- Work to complete: Write the records out again exactly as they read, dropping any picture they hold.

- Entries shown:
=======

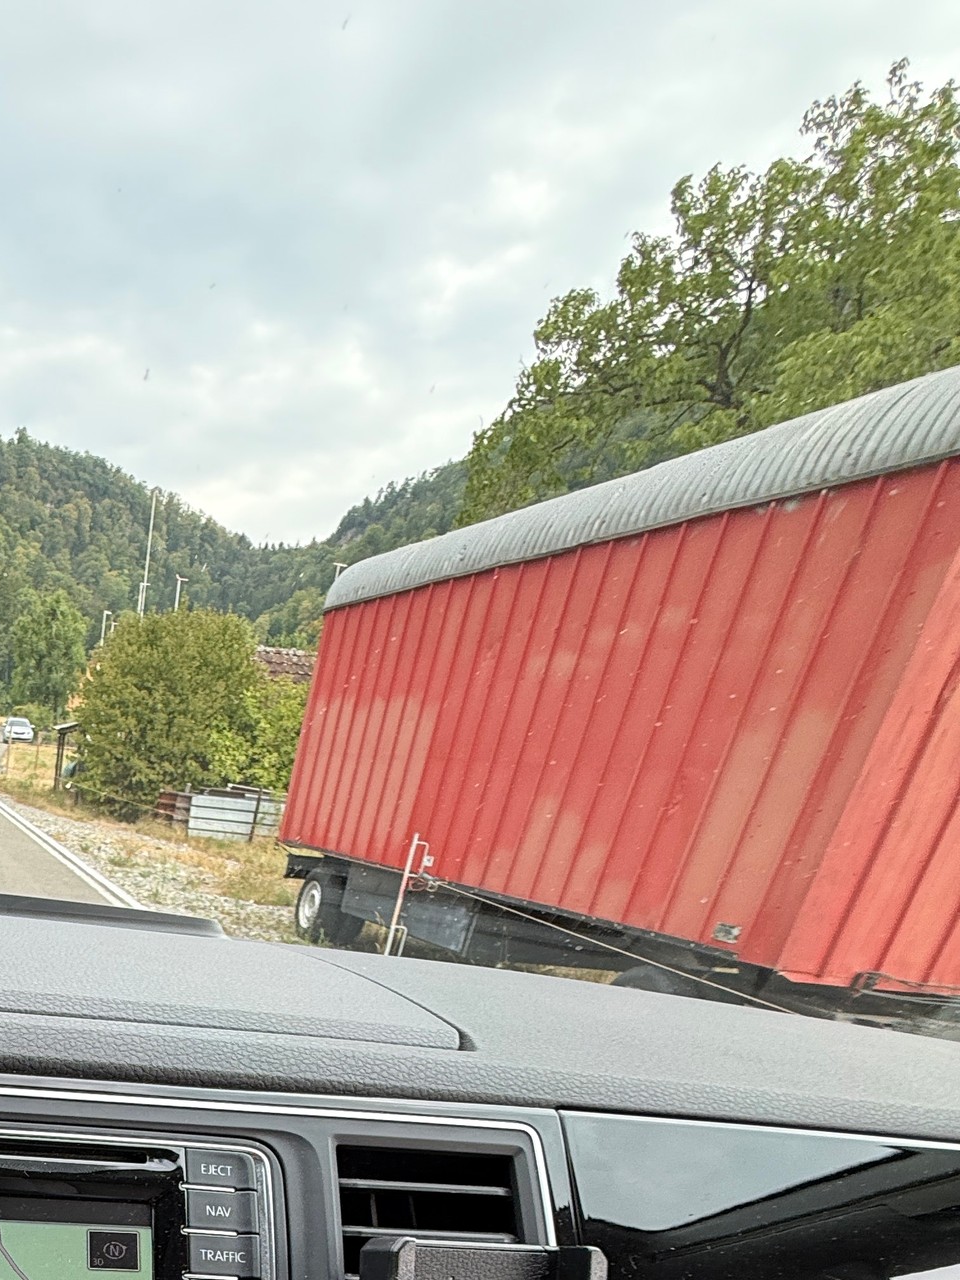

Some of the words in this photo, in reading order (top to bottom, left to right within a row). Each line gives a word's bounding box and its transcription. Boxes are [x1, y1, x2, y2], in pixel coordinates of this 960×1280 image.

[200, 1163, 233, 1177] EJECT
[205, 1205, 232, 1218] NAV
[92, 1257, 104, 1266] 3D
[199, 1249, 246, 1263] TRAFFIC

=======

- Result for this exercise:
Some of the words in this photo, in reading order (top to bottom, left to right within a row). Each line gives a word's bounding box and its transcription. Boxes are [x1, y1, x2, y2], in pixel coordinates of this 960×1280 image.

[200, 1163, 233, 1177] EJECT
[205, 1205, 232, 1218] NAV
[92, 1257, 104, 1266] 3D
[199, 1249, 246, 1263] TRAFFIC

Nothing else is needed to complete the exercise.